WASHINGTON — Much of the discussion of a Mississippi law that would ban abortions after 15 weeks of pregnancy has suggested that the Supreme Court faces a binary choice: it could strike down the law and fully reaffirm Roe v. Wade as the law’s challengers want, or it could gut the idea that the Constitution protects abortion rights at all, as Mississippi has urged.
But during the Supreme Court’s oral arguments on Wednesday in a lawsuit challenging the law, Chief Justice John G. Roberts Jr. appeared to be exploring whether he could find something of a middle ground — one that would allow the court to uphold the Mississippi law without also proclaiming that the Constitution offered no protection of any right to an abortion.
Under Roe and a 1992 case that reaffirmed it, Planned Parenthood v. Casey, it is unconstitutional to ban abortions before “viability,” the point at which a fetus can survive outside the womb, which is usually about 24 weeks into pregnancy. On Wednesday, Chief Justice Roberts repeatedly returned to whether the cutoff could be earlier.
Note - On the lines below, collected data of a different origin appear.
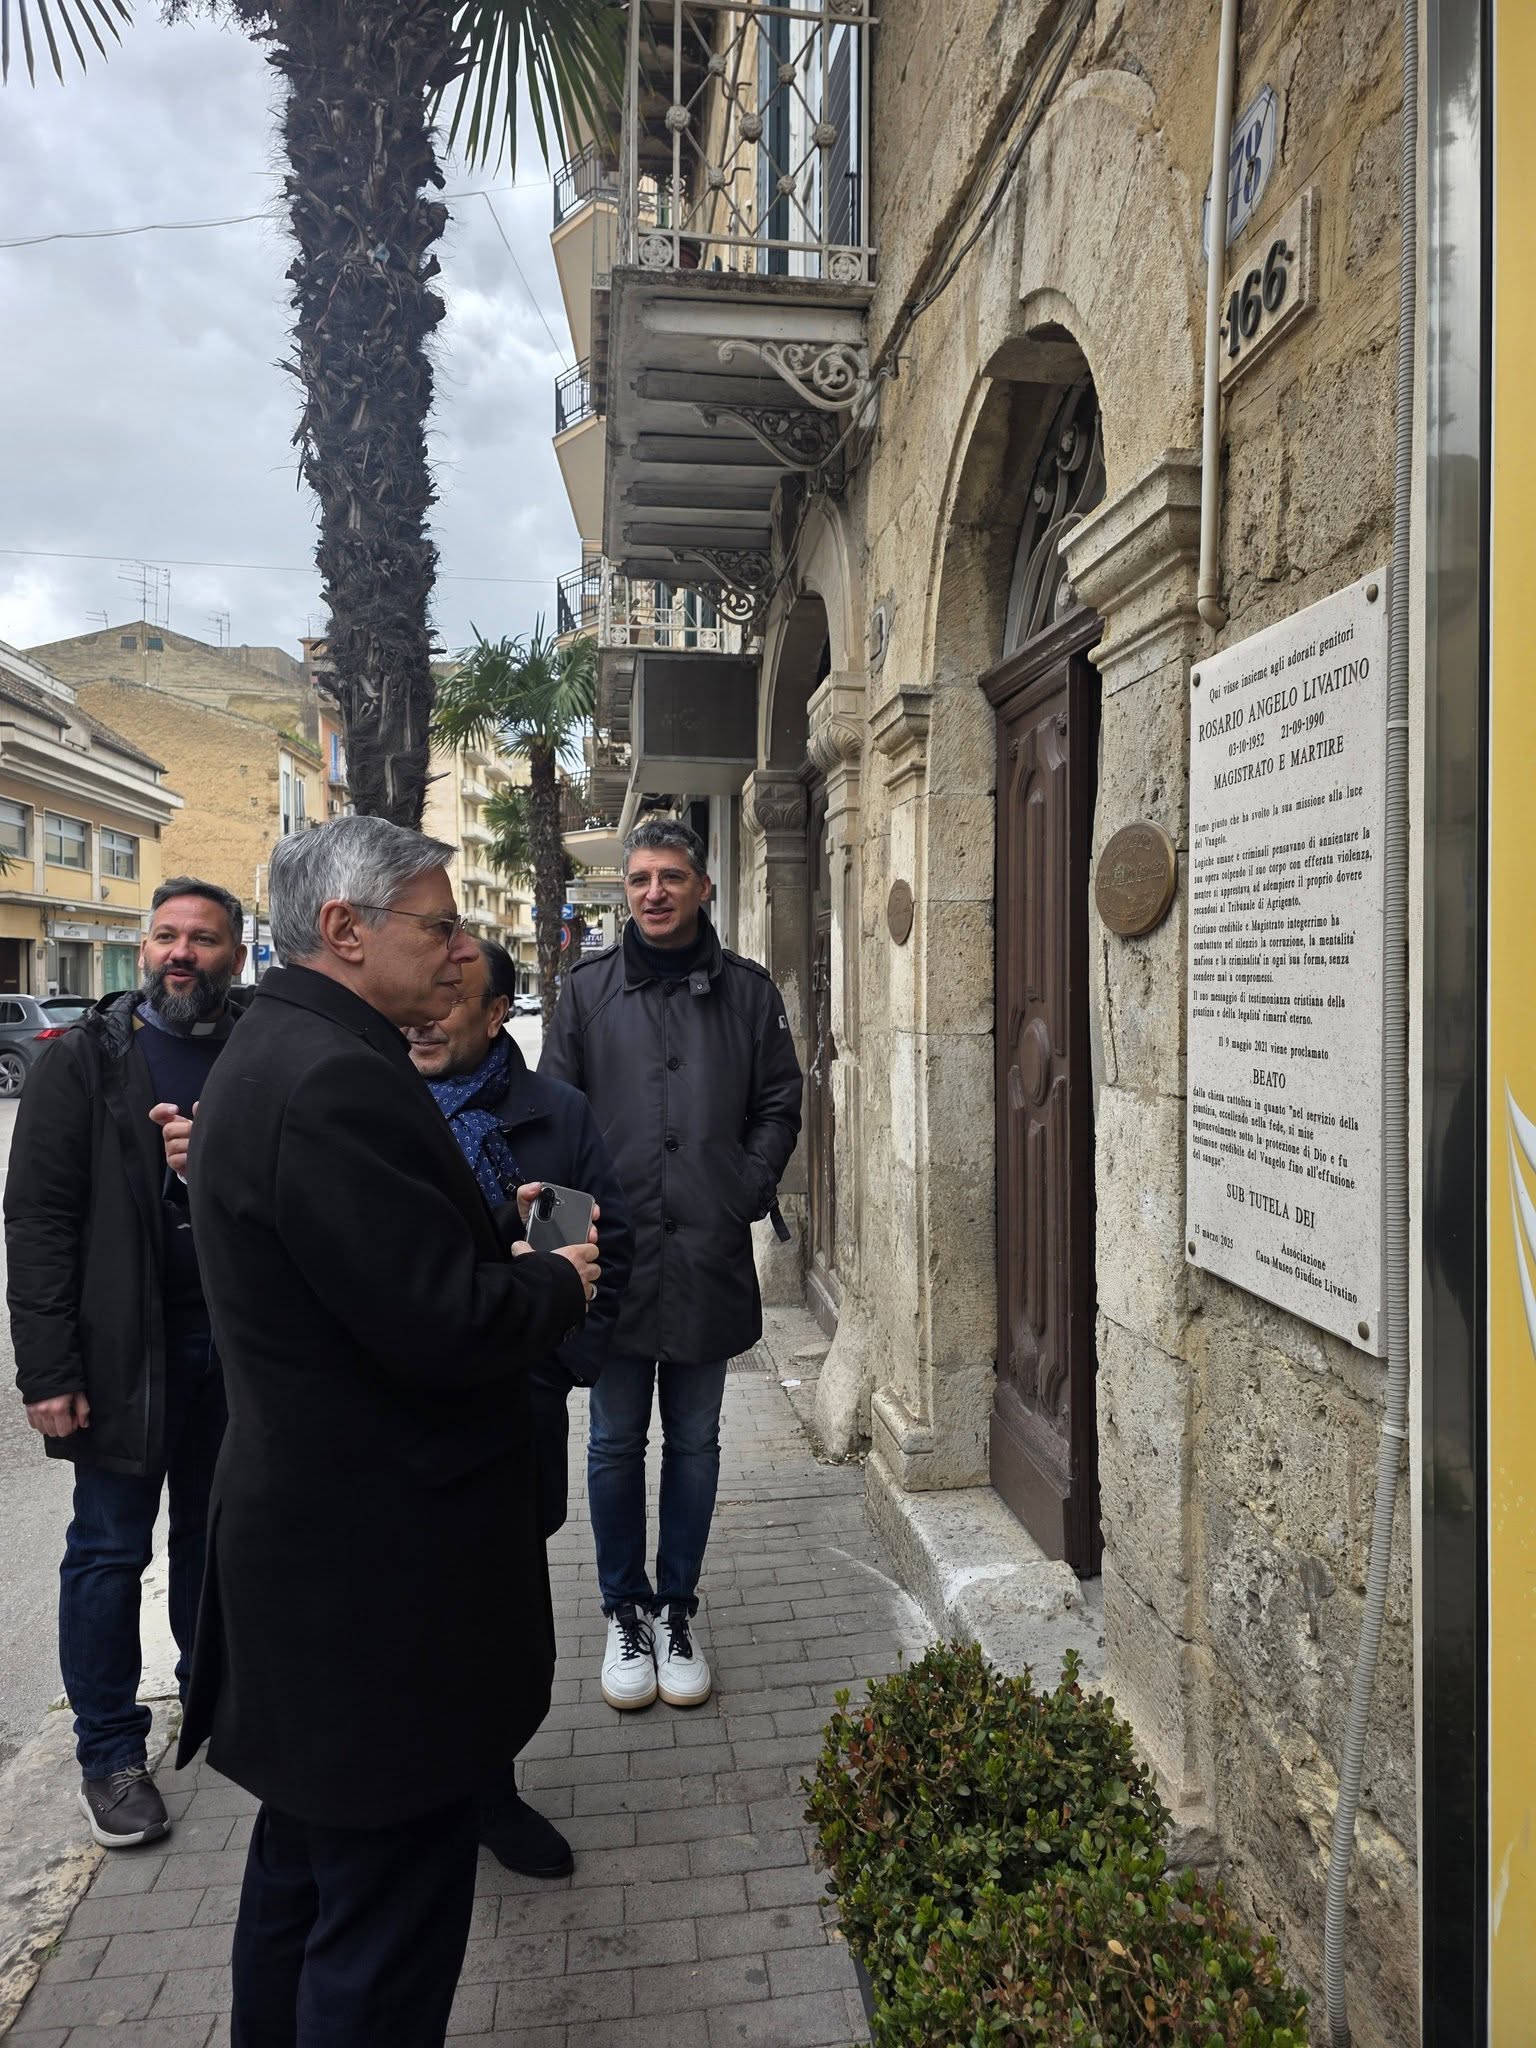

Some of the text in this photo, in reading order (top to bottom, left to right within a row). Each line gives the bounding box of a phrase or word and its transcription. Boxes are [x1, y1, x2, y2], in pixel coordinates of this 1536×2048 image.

[1210, 623, 1354, 703] Qui visse insieme agli adorati genitori
[1199, 657, 1370, 743] ROSARIO ANGELO LIVATINO
[1228, 711, 1325, 757] 03-10-1952 21-09-1990
[1213, 735, 1344, 790] MAGISTRATO E MARTIRE
[1194, 785, 1363, 834] Uomo giusto che ha svolto la sua missione alla luce
[1194, 833, 1228, 850] del Vangelo.
[1194, 856, 1214, 870] Logiche
[1216, 854, 1234, 865] umane
[1242, 845, 1269, 860] criminali
[1272, 841, 1306, 858] pensavano
[1308, 836, 1316, 849] di
[1319, 831, 1360, 847] annientare
[1362, 826, 1370, 840] la
[1194, 849, 1373, 885] sua opera colpendo il suo corpo con efferata violenza,
[1194, 870, 1363, 900] mentre si apprestava ad adempiere il proprio dovere
[1193, 895, 1301, 915] recandosi al Tribunale di Agrigento.
[1193, 923, 1217, 934] Cristiano
[1219, 921, 1243, 933] credibile
[1251, 919, 1285, 933] Magistrato
[1287, 915, 1328, 930] integerrimo
[1331, 914, 1340, 927] ha
[1193, 940, 1223, 950] combattuto
[1225, 938, 1233, 949] nel
[1235, 937, 1258, 949] silenzio
[1260, 936, 1267, 948] la
[1269, 935, 1306, 948] corruzione,
[1309, 934, 1316, 946] la
[1193, 955, 1214, 966] mafiosa
[1221, 954, 1227, 965] la
[1263, 954, 1270, 965] in
[1272, 953, 1287, 968] ogni
[1289, 955, 1301, 965] sua
[1303, 953, 1327, 967] forma,
[1329, 955, 1350, 965] senza
[1193, 971, 1215, 982] scendere
[1217, 971, 1227, 982] mai
[1235, 971, 1274, 985] compromessi.
[1193, 990, 1346, 1008] Il suo messaggio di testimonianza cristiana della
[1192, 1006, 1215, 1018] giustizia
[1221, 1007, 1236, 1019] della
[1289, 1013, 1313, 1025] eterno.
[1218, 1036, 1224, 1047] Il
[1231, 1038, 1252, 1053] maggio
[1254, 1040, 1268, 1053] 2021
[1270, 1042, 1288, 1055] viene
[1290, 1045, 1329, 1060] proclamato
[1252, 1068, 1287, 1090] BEATO
[1192, 1086, 1206, 1099] dalla
[1207, 1089, 1225, 1102] chiesa
[1226, 1095, 1252, 1108] cattolica
[1254, 1098, 1261, 1110] in
[1263, 1103, 1286, 1116] quanto
[1306, 1111, 1336, 1127] servizio
[1339, 1115, 1359, 1131] della
[1192, 1102, 1218, 1119] giustizia,
[1219, 1109, 1249, 1125] eccellendo
[1251, 1116, 1267, 1129] nella
[1269, 1118, 1286, 1136] fede,
[1288, 1123, 1295, 1136] si
[1192, 1119, 1237, 1139] ragionevolmente
[1239, 1131, 1254, 1143] sotto
[1256, 1132, 1263, 1145] la
[1265, 1138, 1300, 1155] protezione
[1302, 1145, 1311, 1159] di
[1313, 1148, 1327, 1163] Dio
[1338, 1153, 1348, 1168] fu
[1192, 1148, 1201, 1160] del
[1192, 1134, 1355, 1190] testimone credibile del Vangelo fino all'effusione
[1226, 1183, 1315, 1229] SUB TUTELA DEI
[1194, 1223, 1234, 1250] 15 marzo 2025
[1281, 1243, 1327, 1271] Associazione
[1255, 1249, 1358, 1304] Casa Museo Giudice Livatino
“If you think that the issue is one of choice, that women should have a choice to terminate their pregnancy, that supposes that there is a point at which they’ve had the fair choice,” he said, and went on to question why 15 weeks would be an inappropriate line. “Because viability, it seems to me, doesn’t have anything to do with choice. But, if it really is an issue about choice, why is 15 weeks not enough time?”